More than his immediate predecessors, Francis has used that limelight to lobby for service to the millions of impoverished people marginalized from thriving economies. The former cardinal who routinely trod miserable and dangerous alleys of Buenos Aires, communing with the least of his flock, today demands more than generous donations and noble sentiments. He wants gritty, hands-on action. Whether you’re of the Catholic or any other persuasion, or of none at all, Pope Francis hopes to change how you spend your weekends. “I prefer a Church which is bruised, hurting and dirty because it has been out on the streets,” he wrote in a November mission statement, “rather than a Church which is unhealthy from being confined and from clinging to its own security.”

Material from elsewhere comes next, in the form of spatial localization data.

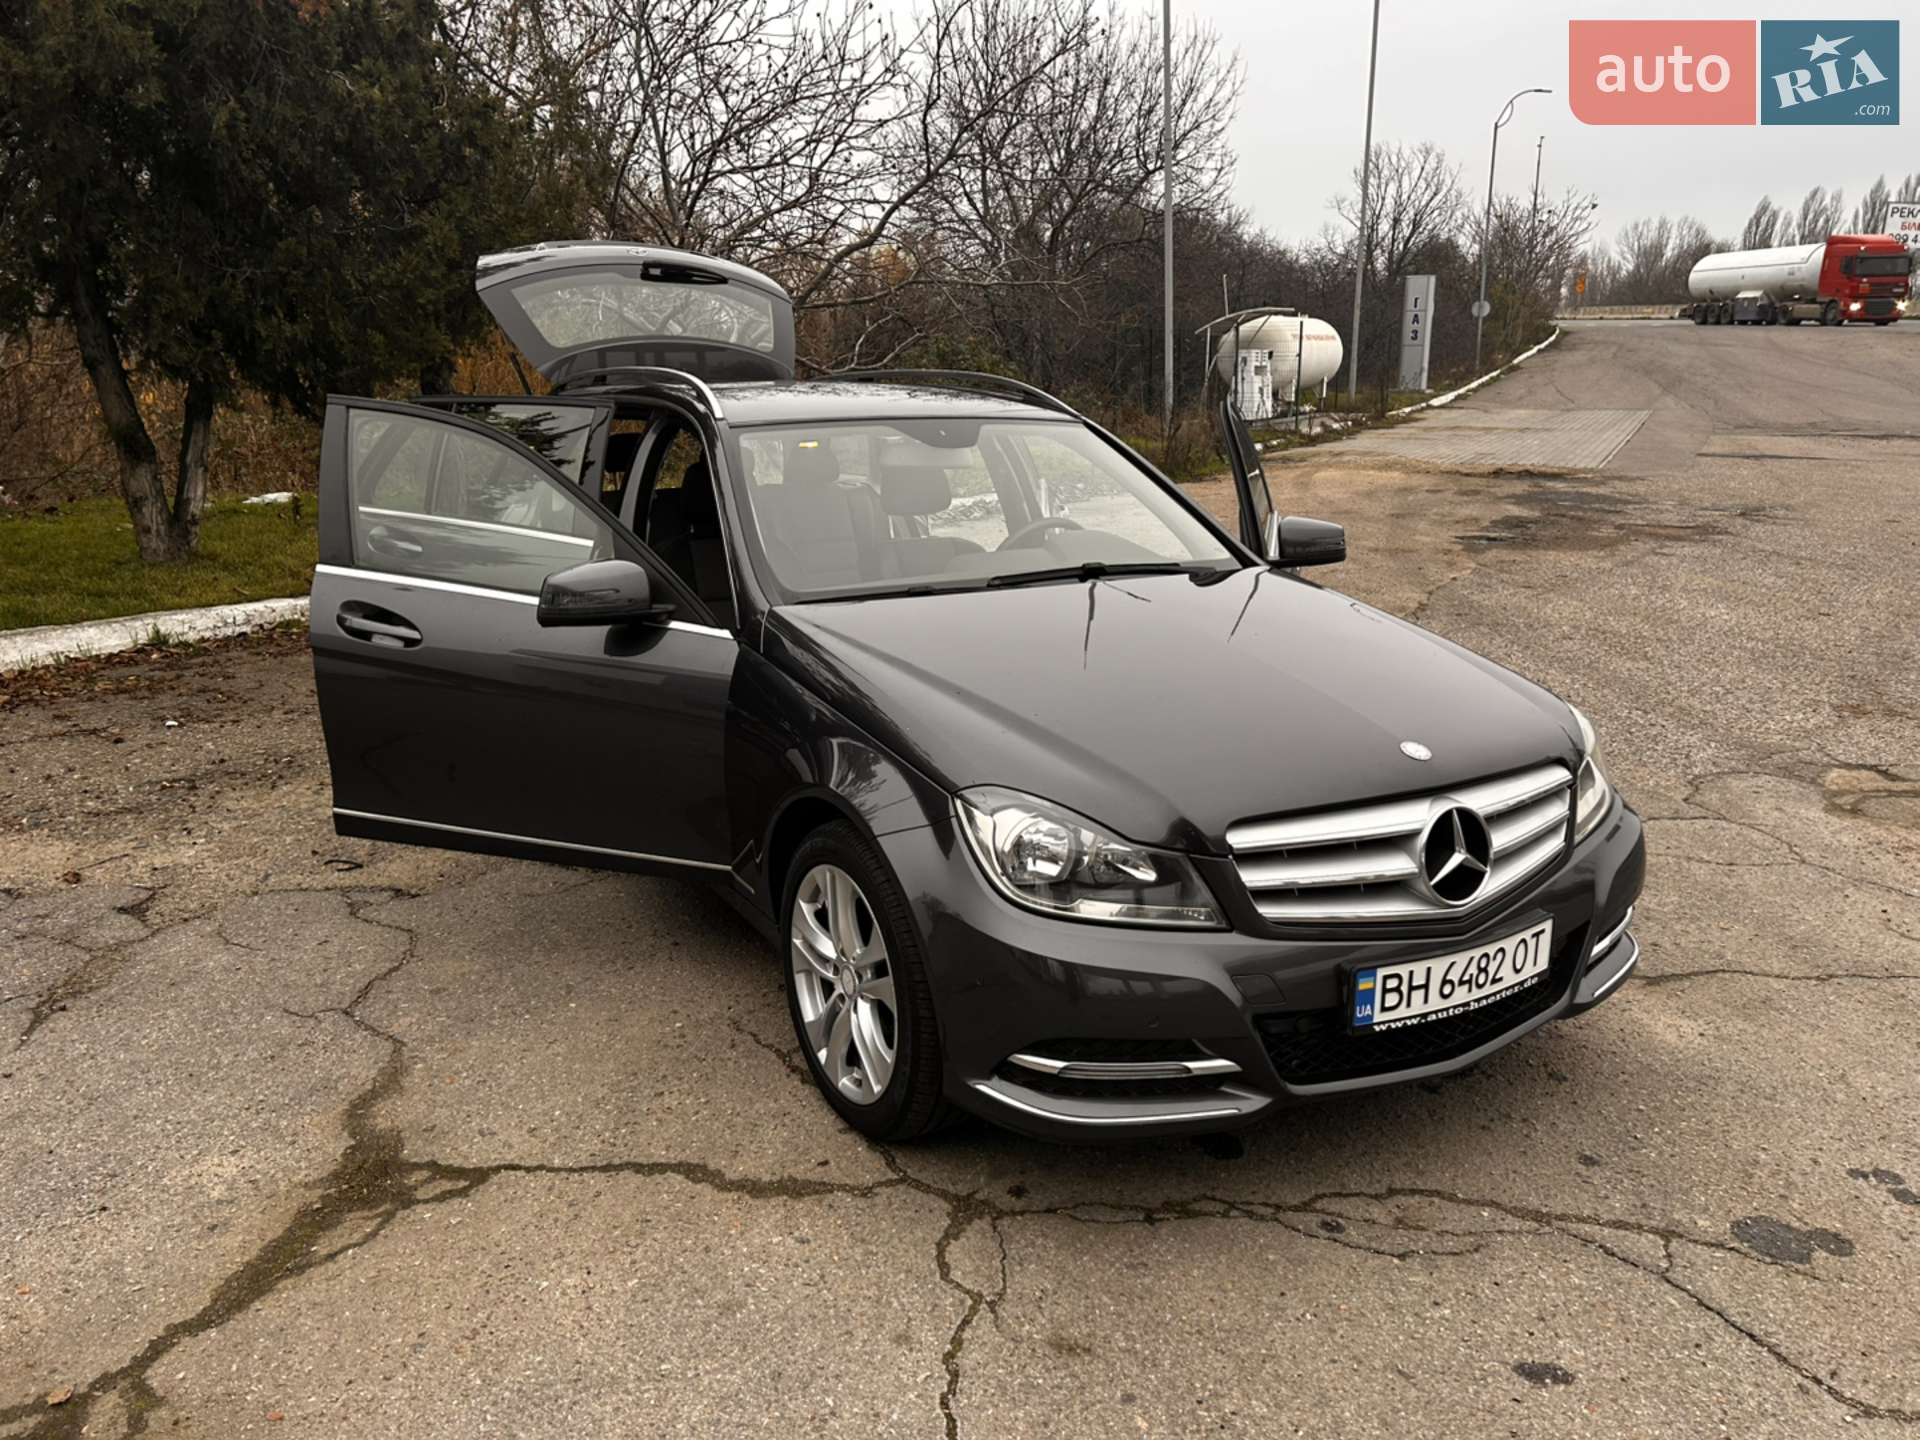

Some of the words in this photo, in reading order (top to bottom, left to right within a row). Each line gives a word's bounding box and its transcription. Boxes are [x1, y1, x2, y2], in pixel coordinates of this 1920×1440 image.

[1411, 296, 1421, 341] ГАЗ
[1379, 966, 1432, 1014] BH
[1439, 946, 1507, 1001] 6482
[1512, 928, 1546, 975] OT
[1356, 1005, 1373, 1018] UA
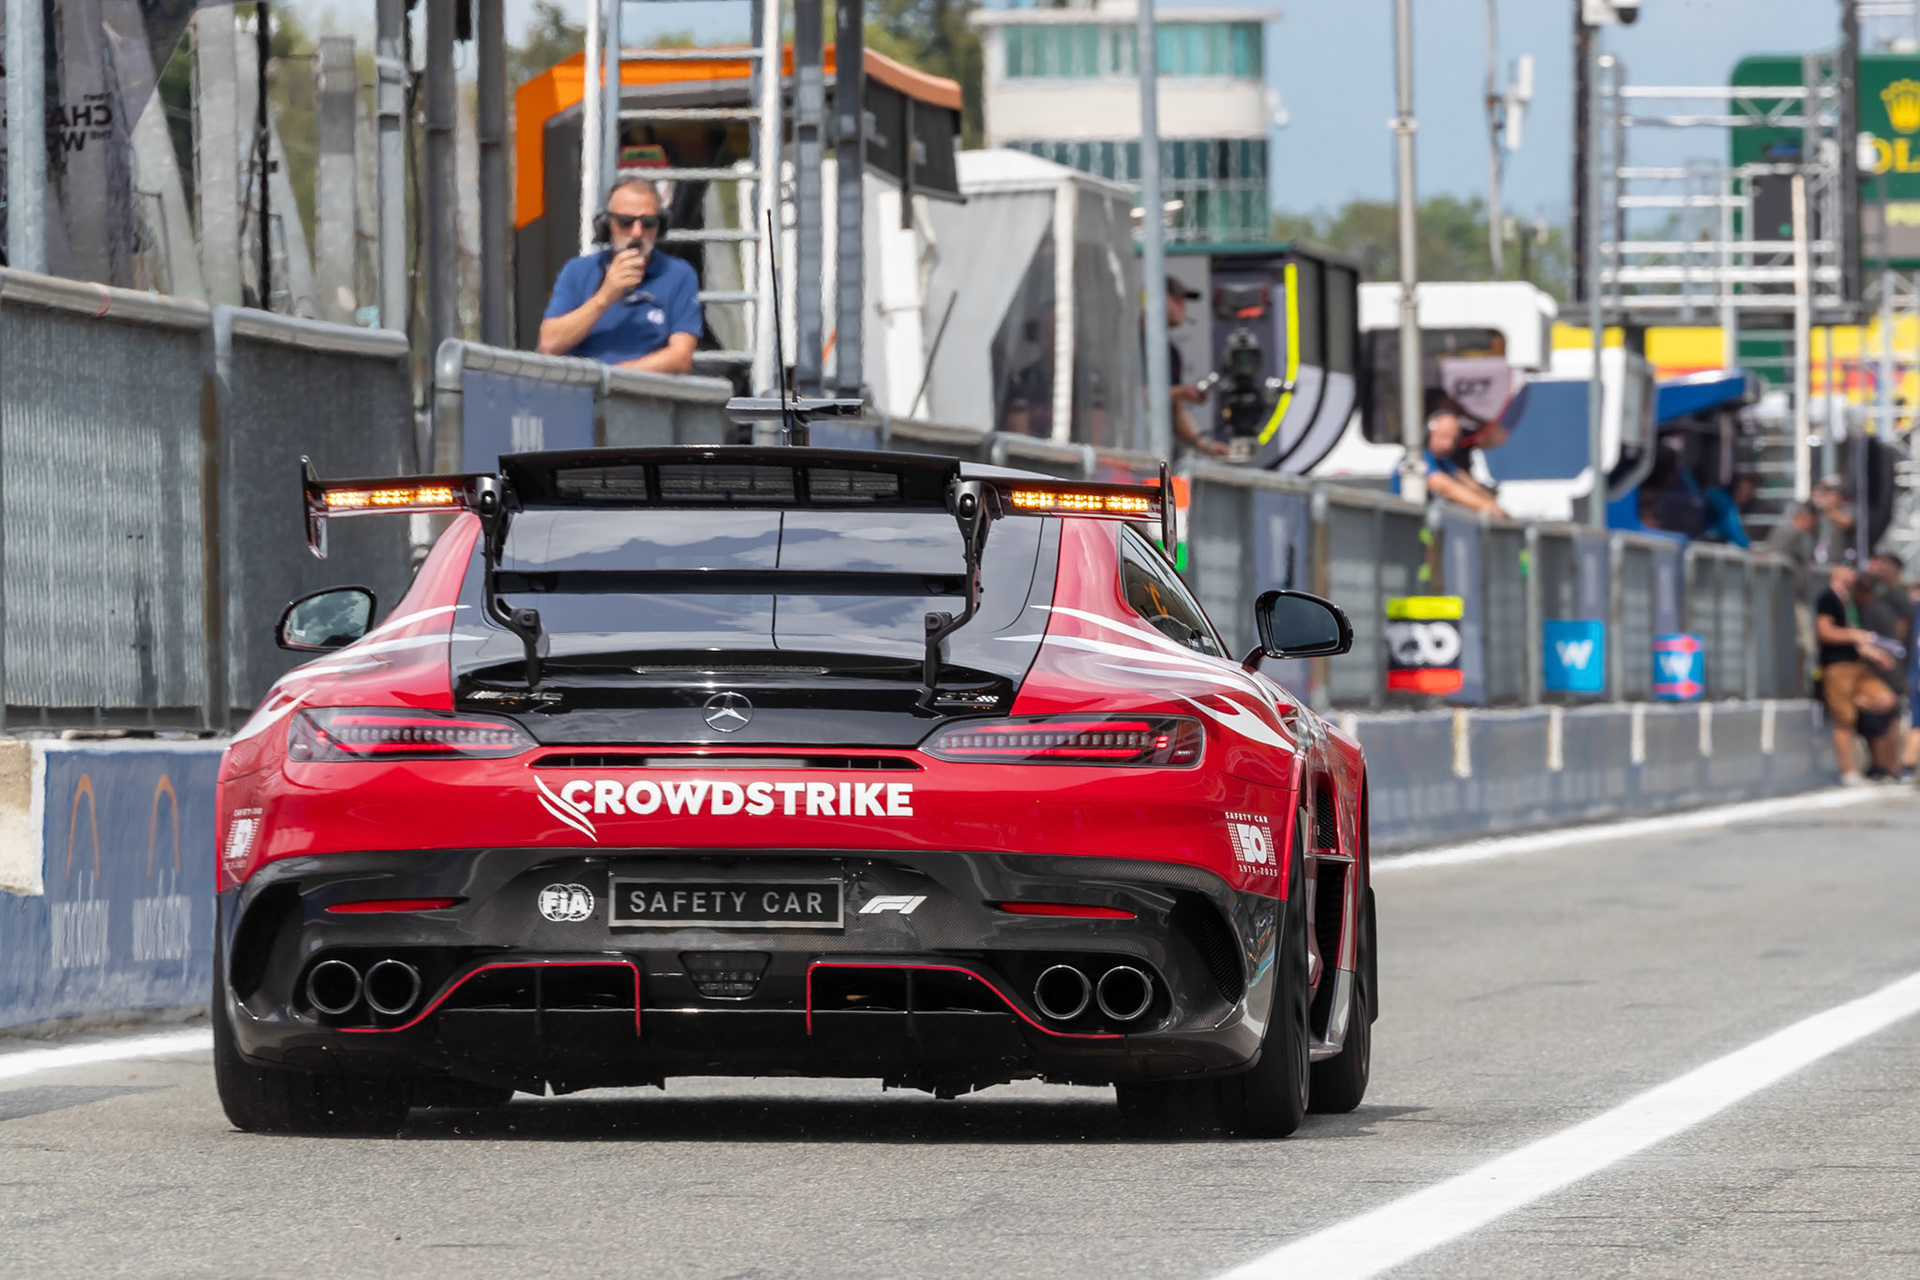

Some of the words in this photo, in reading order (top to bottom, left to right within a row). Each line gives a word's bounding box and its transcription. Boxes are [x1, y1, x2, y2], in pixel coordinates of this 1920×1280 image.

[560, 779, 914, 817] CROWDSTRIKE
[1225, 811, 1252, 822] SAFETY
[1254, 814, 1269, 824] CAR
[1236, 823, 1268, 865] 50
[629, 890, 748, 914] SAFETY
[761, 891, 824, 915] CAR
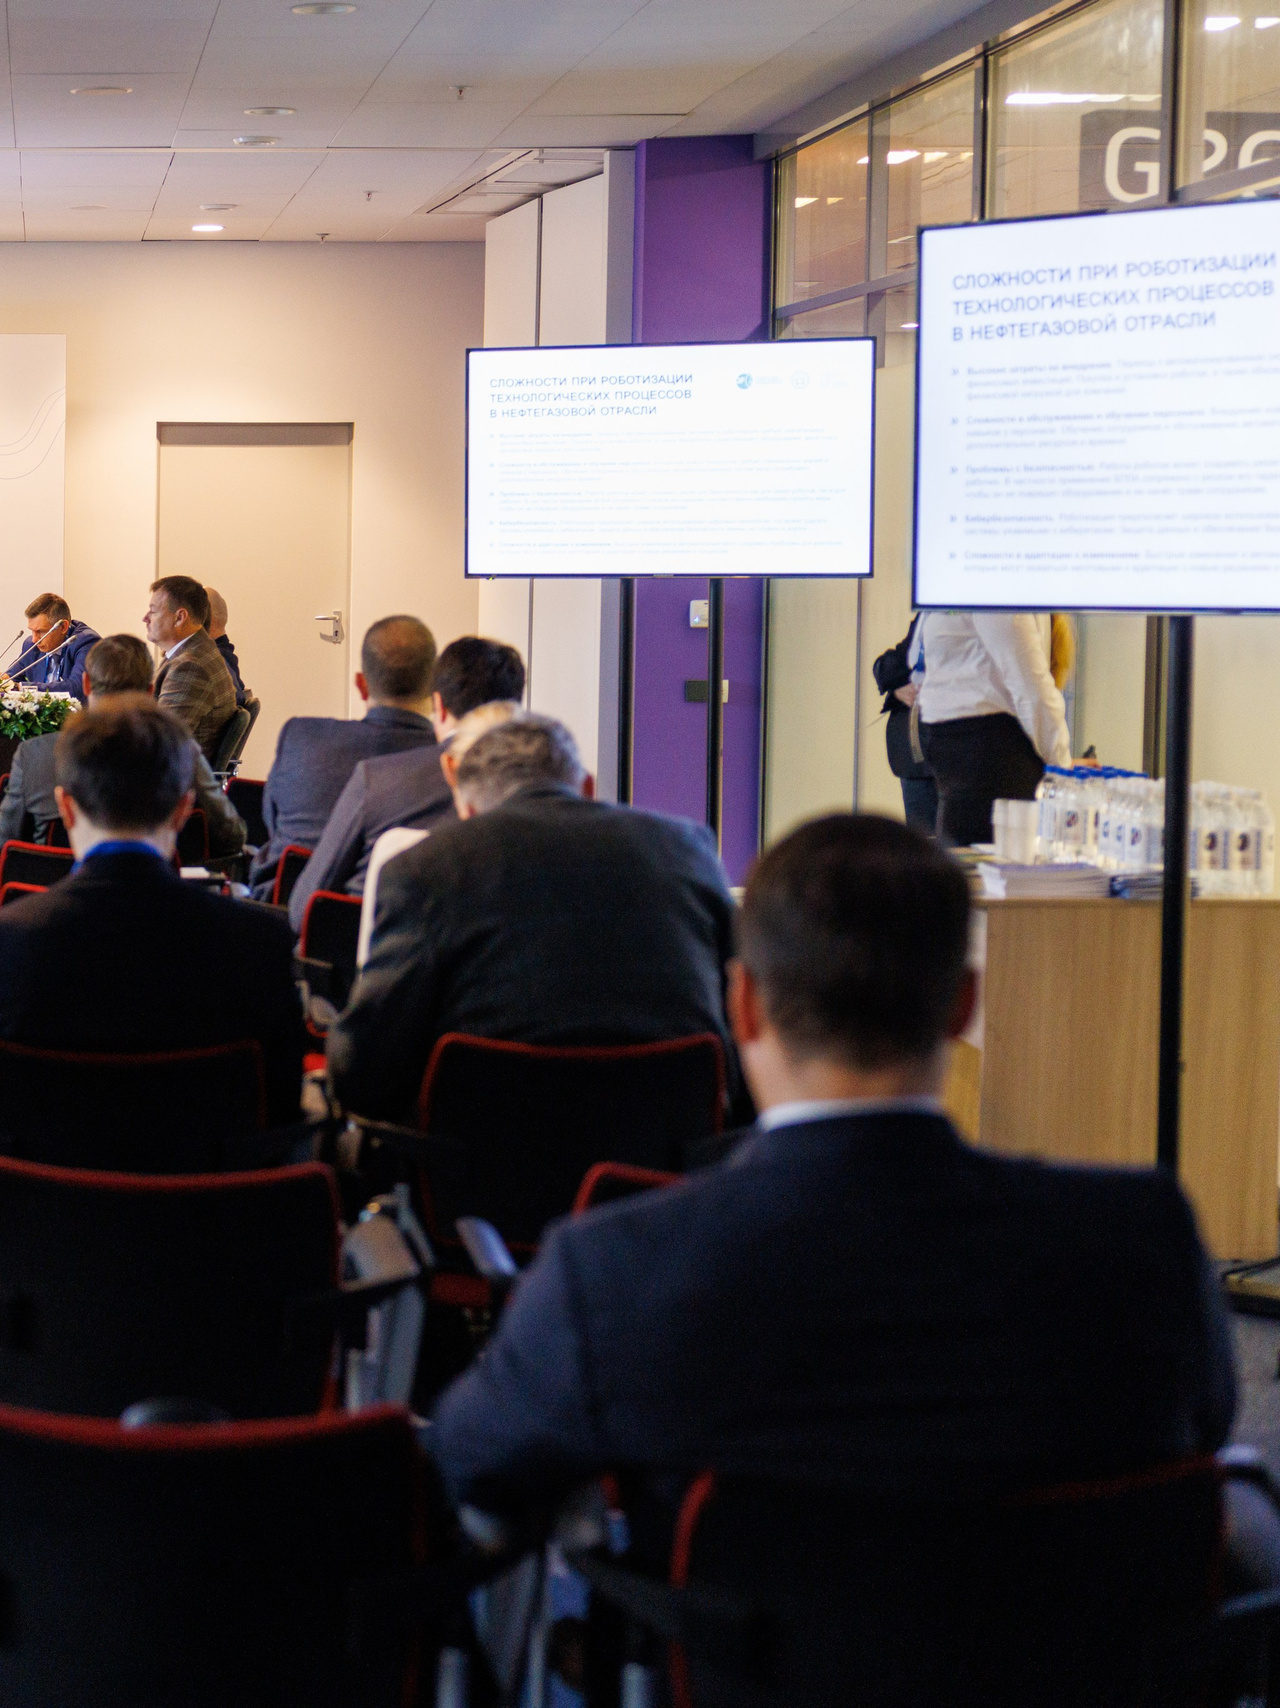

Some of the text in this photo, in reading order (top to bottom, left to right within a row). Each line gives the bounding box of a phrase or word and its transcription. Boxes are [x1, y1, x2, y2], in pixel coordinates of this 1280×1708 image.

The companion to this emphasis on helping the poor is his evidently heartfelt outreach to those hurt or angered by agents of his church. He has apologized and welcomed those estranged from Catholicism without changing church policies that critics condemn as rigid and restrictive. His compromise, essentially, is to stick to church teachings on controversial issues but to stress, by word and deed, Gospel messages of kindness and compassion. Earlier this month, the paradox showed vividly:
Francis made headlines with unscripted and unequivocal words, taking personal responsibility and asking forgiveness for the “evil” committed by clerics who molested children. He acknowledged the “personal, moral damage carried out by men of the church” and pledged stronger (if unspecified) punishments.
Two days later, he used equally unequivocal words to reaffirm that he is not rewriting Catholic doctrine: “It is horrific even to think that there are children, victims of abortion, who will never see the light of day.” And while his love for gays as children of God is a recurring theme, so is inflexibility on same-sex marriage (“anthropological regression”).
These complexities — the welcoming pastor, the rigorous shepherd — still are settling in ways that liberal and conservative Catholics struggle to parse; it can be tricky to square Francis’ humane sensitivities with his enduring imperatives. In naming him its Person of the Year, Time magazine synthesized the conundrums in a passage worth airing at length:
The papacy is mysterious and magical: It turns a septuagenarian into a superstar while revealing almost nothing about the man himself. And it raises hopes in every corner of the world — hopes that can never be fulfilled, for they are irreconcilable. The elderly traditionalist who pines for the old Latin Mass and the devout young woman who wishes she could be a priest both have hopes. The ambitious monsignor in the Vatican Curia and the evangelizing deacon in a remote Filipino village both have hopes. No pope can make them all happy at once.
This pope signals no intent to aggravate, or to appease. Francis, after all, says he joined the Jesuits — aka “God’s Marines” — because that order was on “the front lines of the Church, grounded in obedience and discipline.” If you follow not only news coverage of him but also his words, you sense a man aware that while he is pope, he is but the 266th pope — the fleeting guardian, we’ve written, of multimillennial values in a culture prone to preach that what’s new is therefore good.
Pope Francis relentlessly prods all of us to think beyond our privileged First World concerns. On this feast of Christendom, it will be an Easter surprise if he doesn’t remind us anew of our obligation to our fellow humans who suffer in Third World poverty. Whether each of us checks the box for Catholic, for another faith or for none, Francis appeals to our better angels. And he does so in ways that many people find, well, appealing.